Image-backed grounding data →
* * * * *
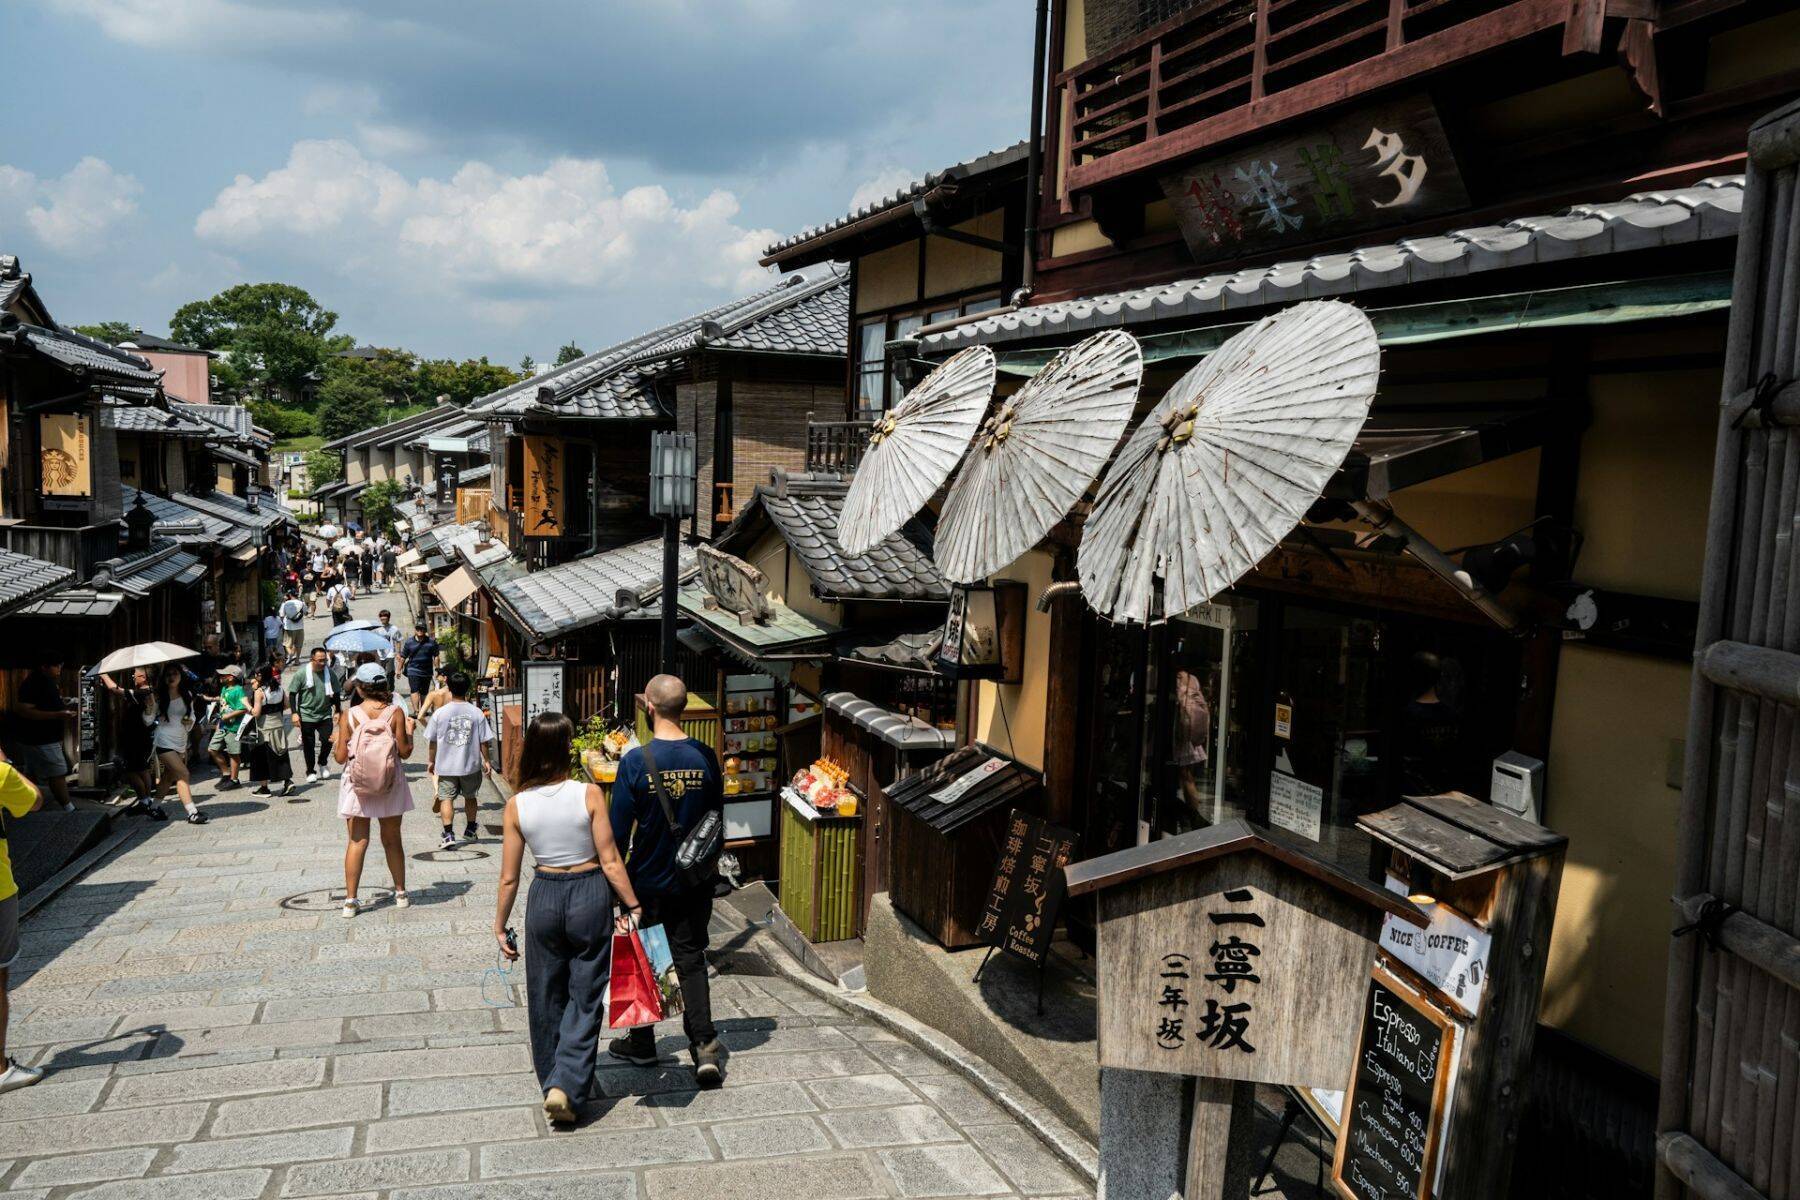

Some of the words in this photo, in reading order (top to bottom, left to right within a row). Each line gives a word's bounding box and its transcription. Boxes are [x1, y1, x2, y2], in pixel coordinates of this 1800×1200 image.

[1023, 836, 1054, 896] 二寧坂
[1009, 925, 1035, 946] Coffee
[1390, 927, 1414, 947] NICE
[1428, 934, 1469, 956] COFFEE
[1009, 939, 1040, 962] Roaster
[1195, 889, 1266, 1053] 二寧坂
[1373, 990, 1421, 1045] Espresso
[1376, 1026, 1415, 1072] Italiano
[1408, 1111, 1422, 1131] 400
[1405, 1128, 1419, 1150] 650
[1401, 1143, 1415, 1166] 600
[1396, 1171, 1410, 1194] 550
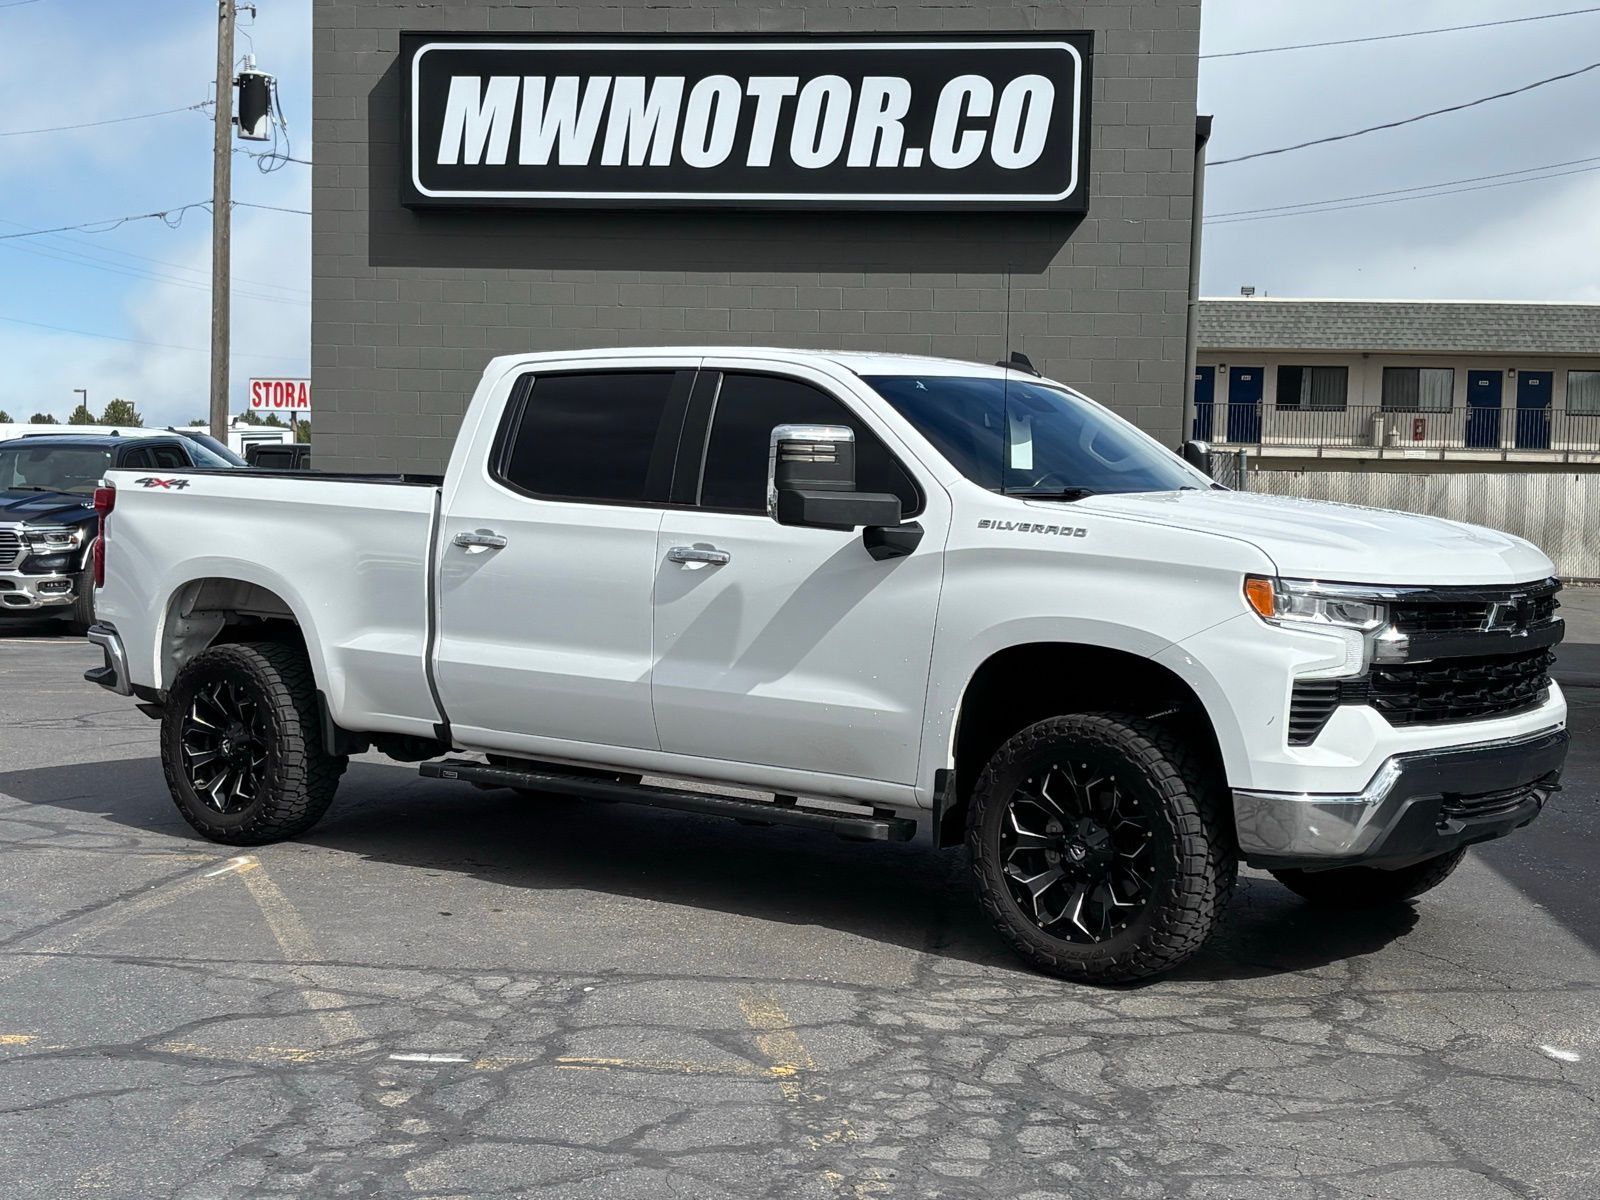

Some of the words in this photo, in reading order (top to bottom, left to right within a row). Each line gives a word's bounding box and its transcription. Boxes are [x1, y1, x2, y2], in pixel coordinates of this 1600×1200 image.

[437, 74, 1055, 169] MWMOTOR.CO
[252, 381, 311, 408] STORA
[977, 519, 1088, 538] SILVERADO
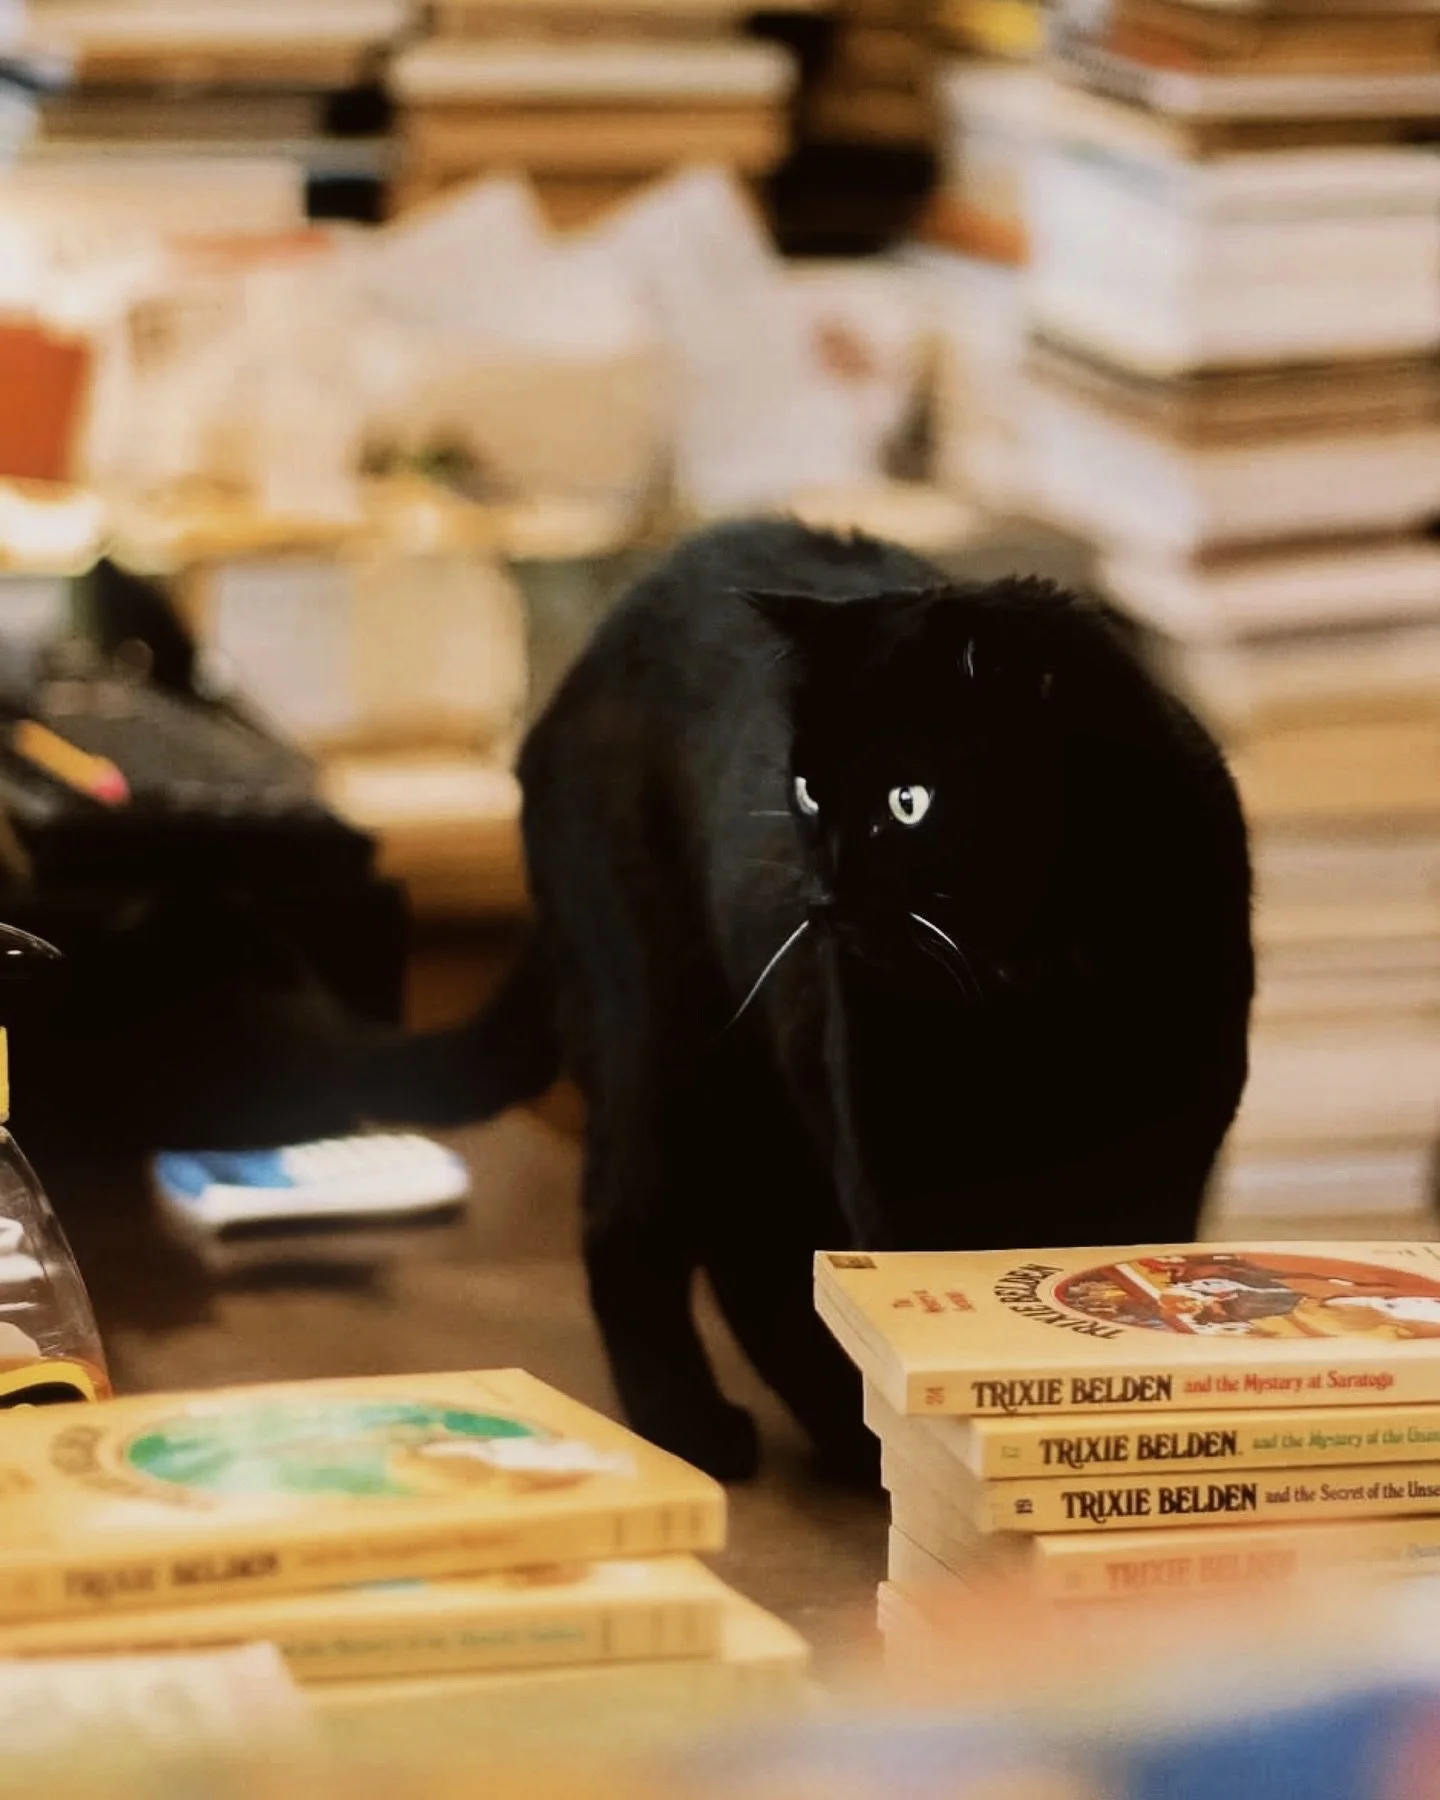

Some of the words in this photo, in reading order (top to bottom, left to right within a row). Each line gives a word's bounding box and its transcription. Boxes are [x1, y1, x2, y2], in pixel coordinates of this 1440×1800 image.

[993, 1263, 1064, 1303] BELDEN
[1008, 1304, 1125, 1340] TRIXIE
[971, 1378, 1064, 1414] TRIXIE
[1070, 1374, 1172, 1404] BELDEN
[1184, 1376, 1211, 1393] and
[1216, 1376, 1240, 1393] the
[1244, 1373, 1302, 1394] Mystery
[1307, 1373, 1322, 1389] at
[1327, 1370, 1394, 1390] Saratoga
[1039, 1434, 1129, 1469] TRIXIE
[1061, 1488, 1151, 1524] TRIXIE
[1157, 1483, 1257, 1514] BELDEN
[1265, 1486, 1290, 1503] and
[1294, 1486, 1316, 1502] the
[1321, 1484, 1364, 1501] Secret
[1367, 1482, 1379, 1499] of
[1383, 1482, 1404, 1499] the
* * * * *
Task requirements → Give the records above again verbatim, pictures omitted.

Exercise output →
Some of the words in this photo, in reading order (top to bottom, left to right within a row). Each line gives a word's bounding box and its transcription. Boxes are [x1, y1, x2, y2], in pixel coordinates of this 1800×1200 image.

[1023, 836, 1054, 896] 二寧坂
[1009, 925, 1035, 946] Coffee
[1390, 927, 1414, 947] NICE
[1428, 934, 1469, 956] COFFEE
[1009, 939, 1040, 962] Roaster
[1195, 889, 1266, 1053] 二寧坂
[1373, 990, 1421, 1045] Espresso
[1376, 1026, 1415, 1072] Italiano
[1408, 1111, 1422, 1131] 400
[1405, 1128, 1419, 1150] 650
[1401, 1143, 1415, 1166] 600
[1396, 1171, 1410, 1194] 550

Some of the words in this photo, in reading order (top to bottom, left to right within a row). Each line gives a word's bounding box and its transcription. Boxes are [x1, y1, x2, y2], in pixel coordinates of this 1600×1200 image.

[437, 74, 1055, 169] MWMOTOR.CO
[252, 381, 311, 408] STORA
[977, 519, 1088, 538] SILVERADO

Some of the words in this photo, in reading order (top to bottom, left to right within a row). Each line gives a word's bounding box and its transcription. Boxes are [x1, y1, x2, y2], in pixel coordinates of this 1440×1800 image.

[993, 1263, 1064, 1303] BELDEN
[1008, 1304, 1125, 1340] TRIXIE
[971, 1378, 1064, 1414] TRIXIE
[1070, 1374, 1172, 1404] BELDEN
[1184, 1376, 1211, 1393] and
[1216, 1376, 1240, 1393] the
[1244, 1373, 1302, 1394] Mystery
[1307, 1373, 1322, 1389] at
[1327, 1370, 1394, 1390] Saratoga
[1039, 1434, 1129, 1469] TRIXIE
[1061, 1488, 1151, 1524] TRIXIE
[1157, 1483, 1257, 1514] BELDEN
[1265, 1486, 1290, 1503] and
[1294, 1486, 1316, 1502] the
[1321, 1484, 1364, 1501] Secret
[1367, 1482, 1379, 1499] of
[1383, 1482, 1404, 1499] the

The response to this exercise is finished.